## Work instructions
Excluding images, repeat the data exactly as given.

## Dataset content
BEGIN

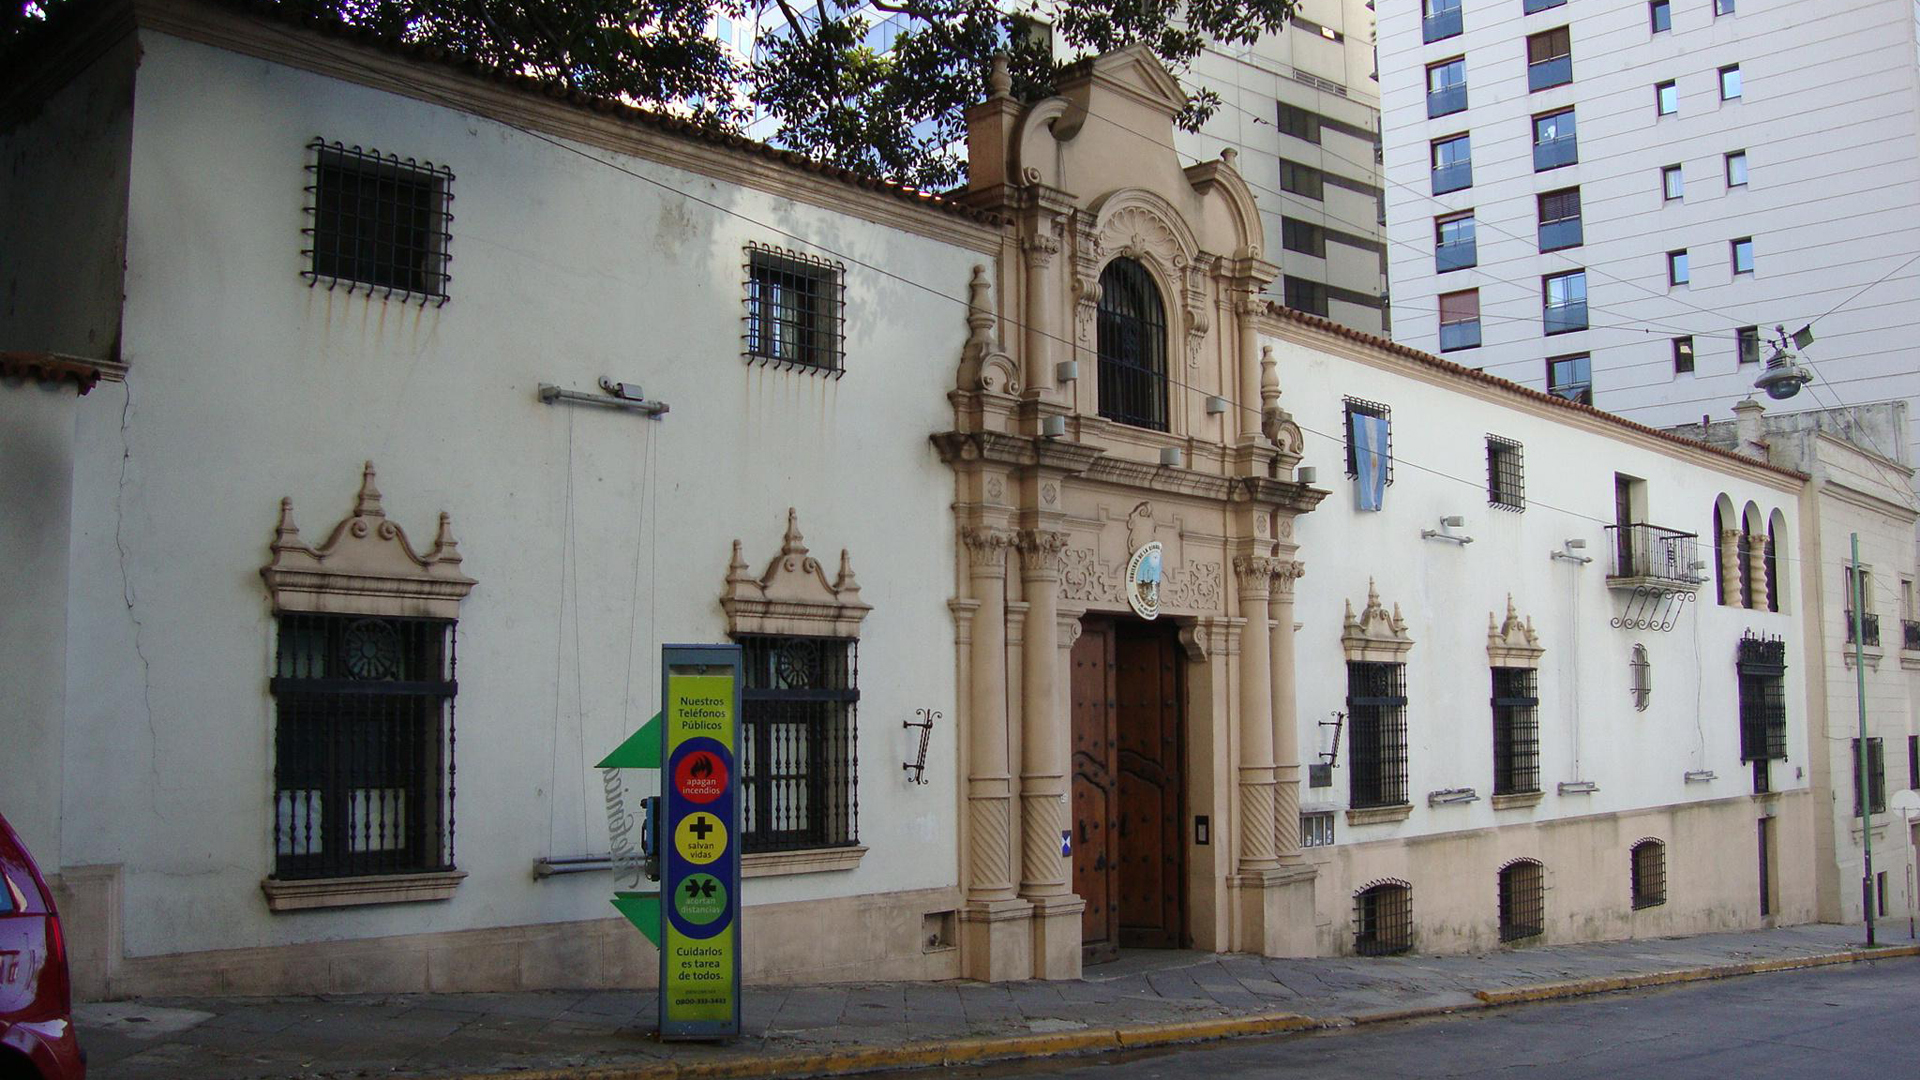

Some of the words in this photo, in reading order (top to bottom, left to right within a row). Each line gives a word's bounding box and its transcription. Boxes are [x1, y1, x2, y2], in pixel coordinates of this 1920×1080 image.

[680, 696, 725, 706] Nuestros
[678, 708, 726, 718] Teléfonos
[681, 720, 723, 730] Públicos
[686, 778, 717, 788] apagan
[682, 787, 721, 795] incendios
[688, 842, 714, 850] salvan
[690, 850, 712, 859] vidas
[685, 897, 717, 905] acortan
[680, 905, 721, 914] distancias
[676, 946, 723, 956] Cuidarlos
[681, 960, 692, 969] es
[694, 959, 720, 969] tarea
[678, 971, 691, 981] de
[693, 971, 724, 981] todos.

END

## Written solution
Some of the words in this photo, in reading order (top to bottom, left to right within a row). Each line gives a word's bounding box and its transcription. Boxes are [x1, y1, x2, y2], in pixel coordinates of this 1920×1080 image.

[680, 696, 725, 706] Nuestros
[678, 708, 726, 718] Teléfonos
[681, 720, 723, 730] Públicos
[686, 778, 717, 788] apagan
[682, 787, 721, 795] incendios
[688, 842, 714, 850] salvan
[690, 850, 712, 859] vidas
[685, 897, 717, 905] acortan
[680, 905, 721, 914] distancias
[676, 946, 723, 956] Cuidarlos
[681, 960, 692, 969] es
[694, 959, 720, 969] tarea
[678, 971, 691, 981] de
[693, 971, 724, 981] todos.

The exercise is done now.